TAIPEI, Taiwan (PA) – China has granted wider approval for the domestically manufactured Sinovac coronavirus vaccine, extending those who can receive it beyond the high-risk, priority groups already allowed following an emergency authorization.
Regulators gave conditional approval to the shooting of Sinovac Biotech Ltd, CoronaVac, on Friday, paving the way for general use, the National Administration for Medical Products announced on Saturday in a statement
The Sinovac vaccine has already been sold in at least 10 other countries and is given to people in at least five other countries. In China, the shooting received emergency approval in July last year, allowing people such as medical workers and state-owned employees to receive it.
Conditional approval means that the vaccine can now be given to the general public, although research is still ongoing. The company will need to submit follow-up data as well as reports of any side effects after the vaccine is sold on the market.
It is the second locally produced vaccine to receive conditional approval. Beijing authorized the Sinopharm state vaccine in December.
China has previously said that any COVID-19 vaccine will be free to its public, with the government paying for the bill. Sinovac declined to provide a figure for the price of each dose.
Both the Sinovac vaccine and the Sinopharm vaccine are two-dose inactivated vaccines, based on traditional technology that makes it easier to transport and store than Pfizer vaccines, which require ultra-cold storage. This could make a difference for developing countries with fewer resources.

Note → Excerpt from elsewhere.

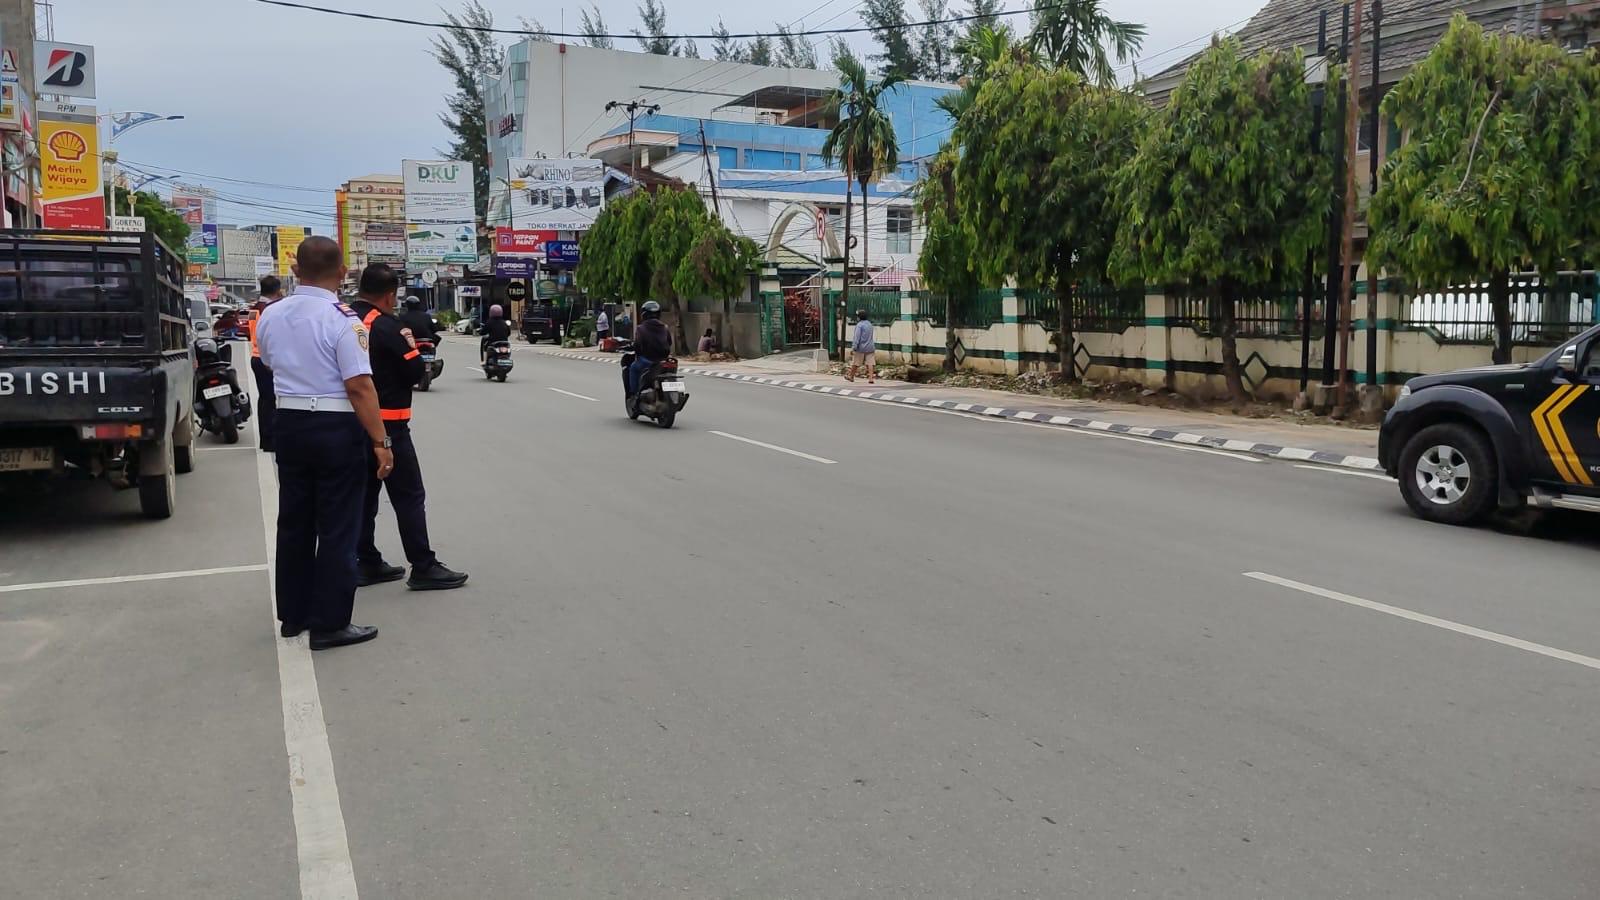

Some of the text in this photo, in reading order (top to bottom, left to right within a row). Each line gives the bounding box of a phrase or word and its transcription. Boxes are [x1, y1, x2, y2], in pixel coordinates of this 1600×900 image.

However, the Sinovac vaccine has been heavily monitored and criticized for its lack of transparency, largely due to different efficacy data from different countries around the world. Officials in Turkey, where some of the stage 3 clinical trials were conducted, said the efficacy rate was 91.25%.
But in a much larger study in Brazil, officials there initially announced an effectiveness rate of 78%, but revised it to just over 50% after including mild infections. The Brazilian segment of the trial enrolled 12,396 volunteers and registered 253 infections, the company said in a statement on Friday.
So far, the company has only released data from stage 1 and stage 2 for its vaccine.
Full clinical trial data for stage 3 trials will be published later in a peer-reviewed journal, said Pearson Liu, a company spokesman.
Global health authorities have said that any vaccine that is at least 50% effective would be useful. The flu vaccine is generally about 50% effective. Experts also said that it is significant that those who get sick despite receiving the vaccine are still less likely to suffer from severe symptoms.
Its 3 clinical stages took place in Brazil, Chile, Indonesia and Turkey, with a total of 25,000 volunteers.